-- The input follows --
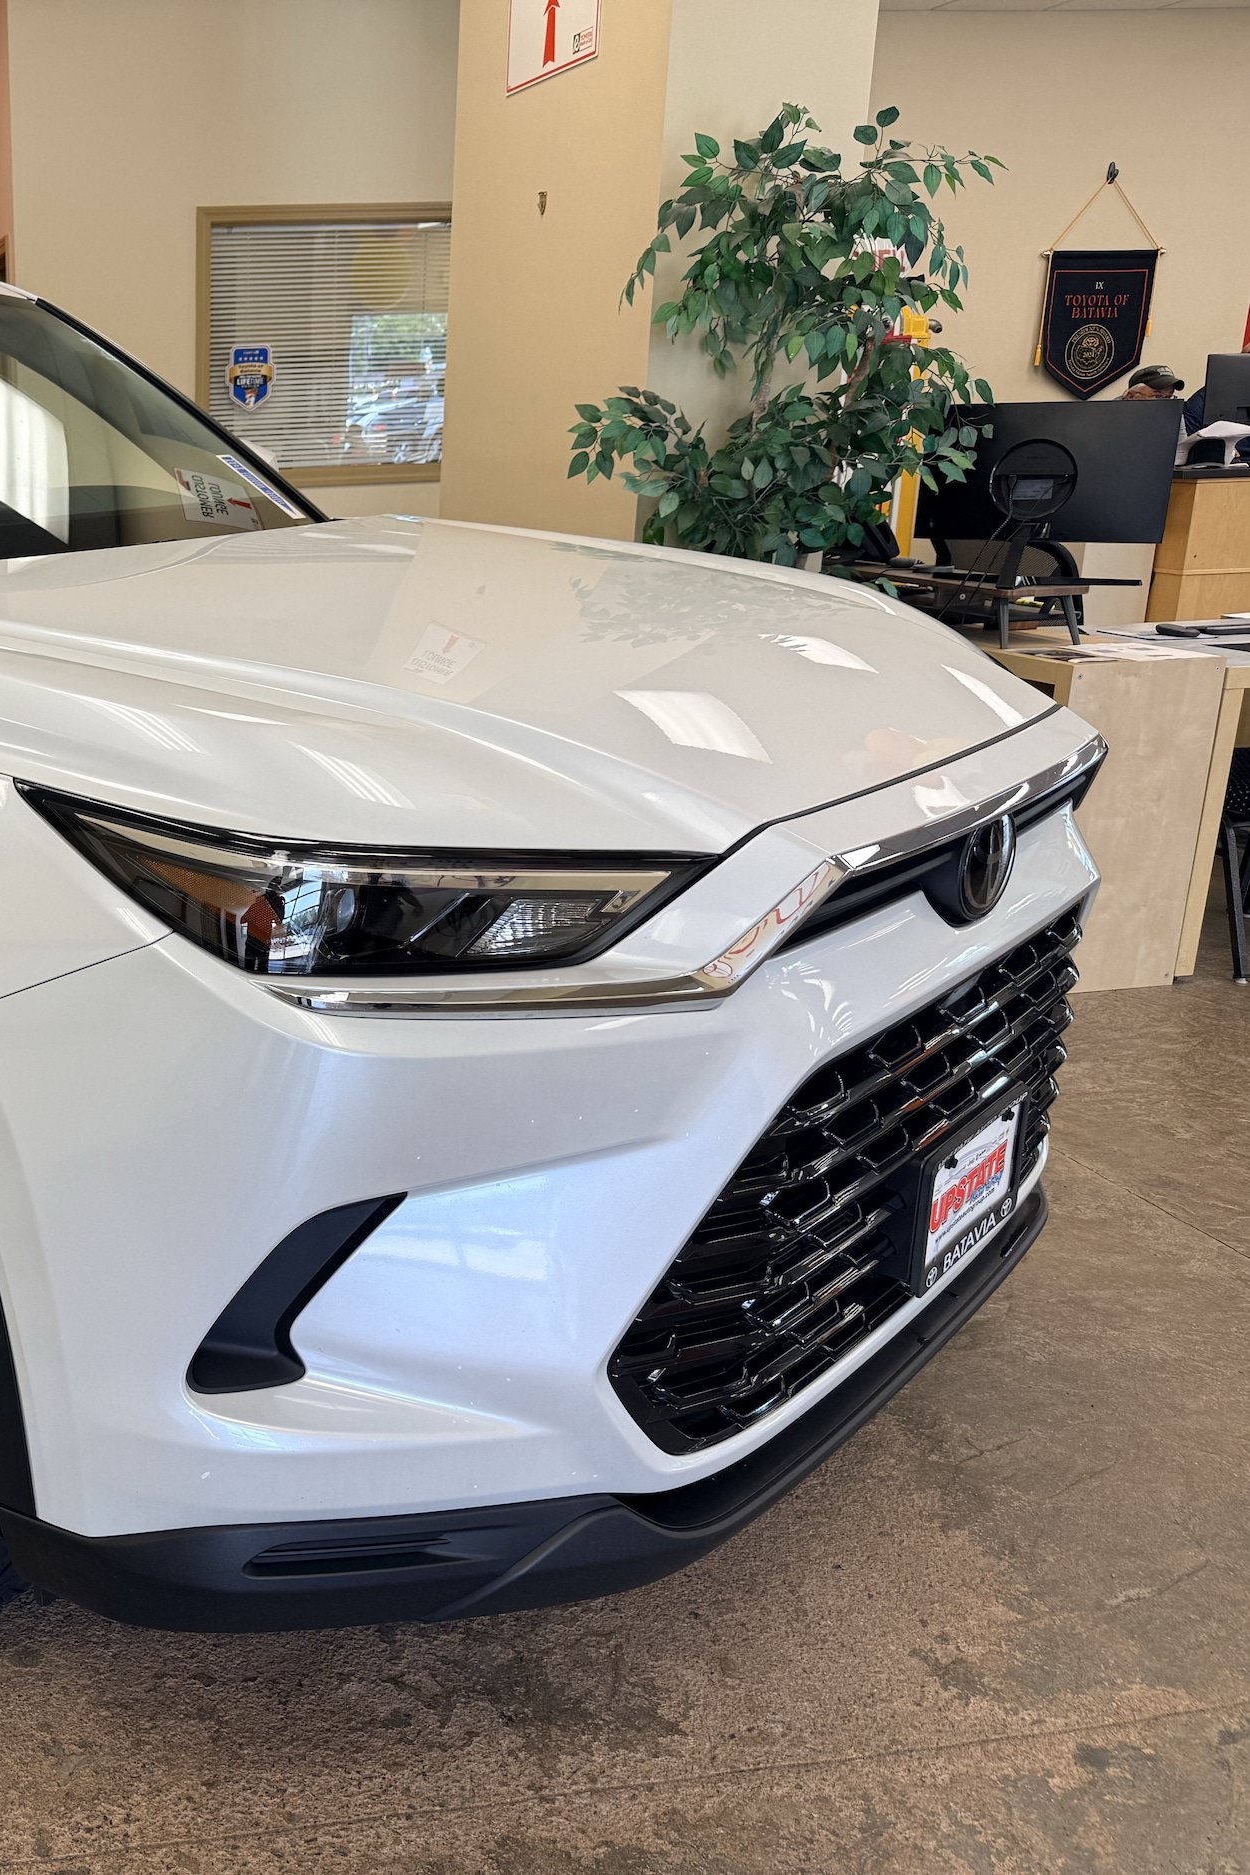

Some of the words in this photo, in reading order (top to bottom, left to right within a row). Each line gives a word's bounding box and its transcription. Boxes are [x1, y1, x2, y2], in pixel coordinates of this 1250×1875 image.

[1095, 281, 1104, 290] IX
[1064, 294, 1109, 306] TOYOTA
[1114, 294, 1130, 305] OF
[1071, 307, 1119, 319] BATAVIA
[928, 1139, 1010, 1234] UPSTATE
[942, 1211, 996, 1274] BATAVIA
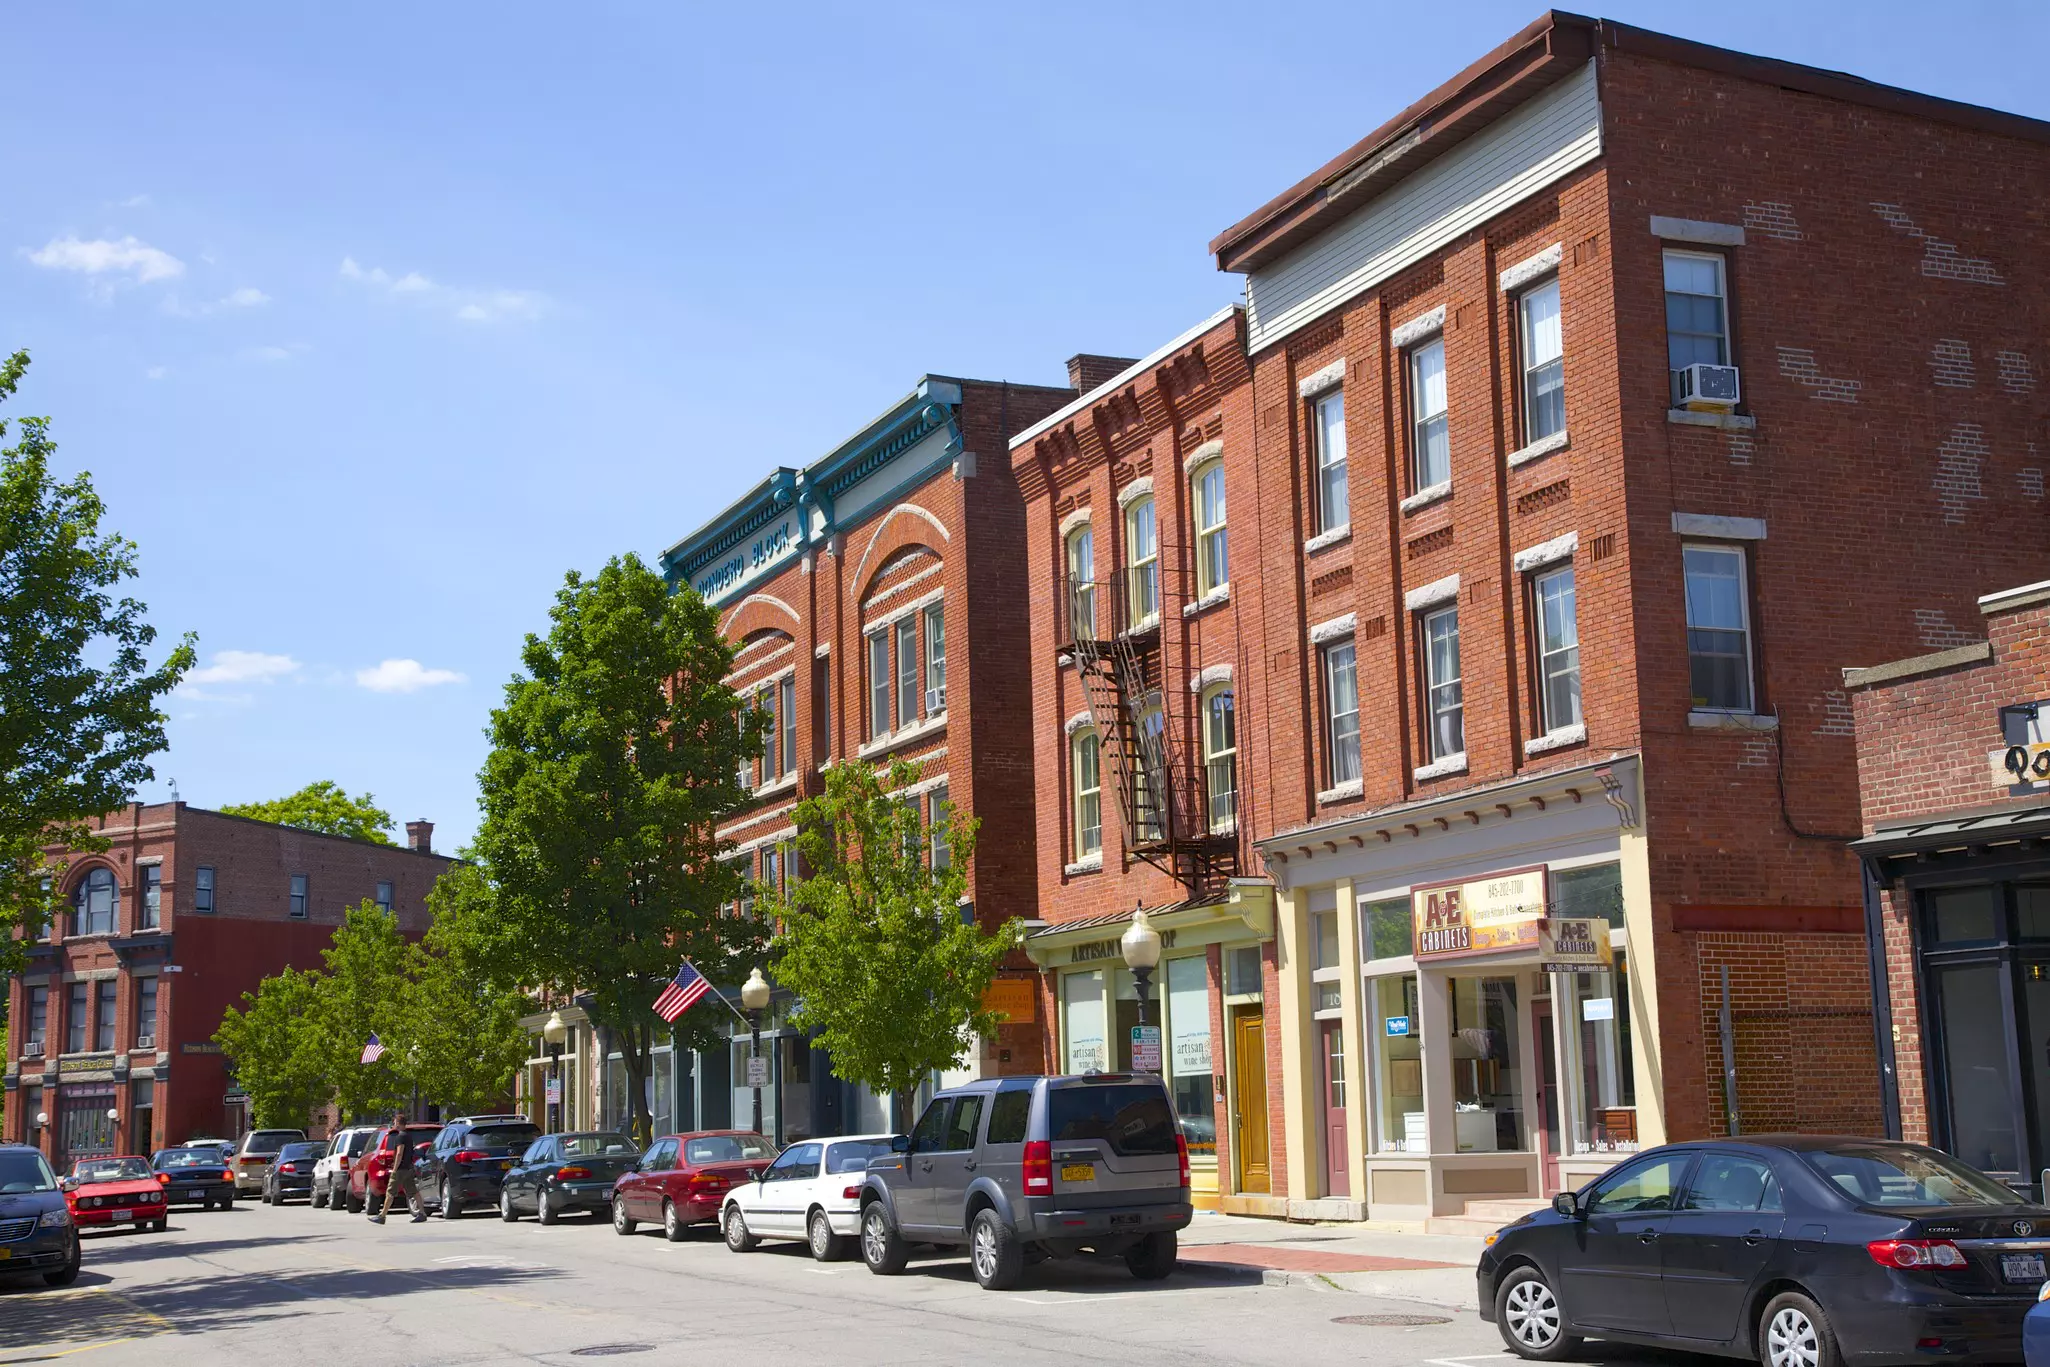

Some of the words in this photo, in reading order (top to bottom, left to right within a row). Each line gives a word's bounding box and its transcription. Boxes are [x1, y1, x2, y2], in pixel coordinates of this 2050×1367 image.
-- The input concluded --
* **What you have to do**
What you return must be every entry, word for word, without any pictures.

* **Task result**
Some of the words in this photo, in reading order (top to bottom, left to right within a row). Each line gives a word's bounding box and its transcription. Boxes are [x1, y1, x2, y2], in pixel coordinates of this 1250×1875 image.

[1095, 281, 1104, 290] IX
[1064, 294, 1109, 306] TOYOTA
[1114, 294, 1130, 305] OF
[1071, 307, 1119, 319] BATAVIA
[928, 1139, 1010, 1234] UPSTATE
[942, 1211, 996, 1274] BATAVIA

Some of the words in this photo, in reading order (top to bottom, left to right within a row). Each line gives a word's bounding box and its transcription. Boxes are [x1, y1, x2, y2], in pixel coordinates of this 2050×1367 image.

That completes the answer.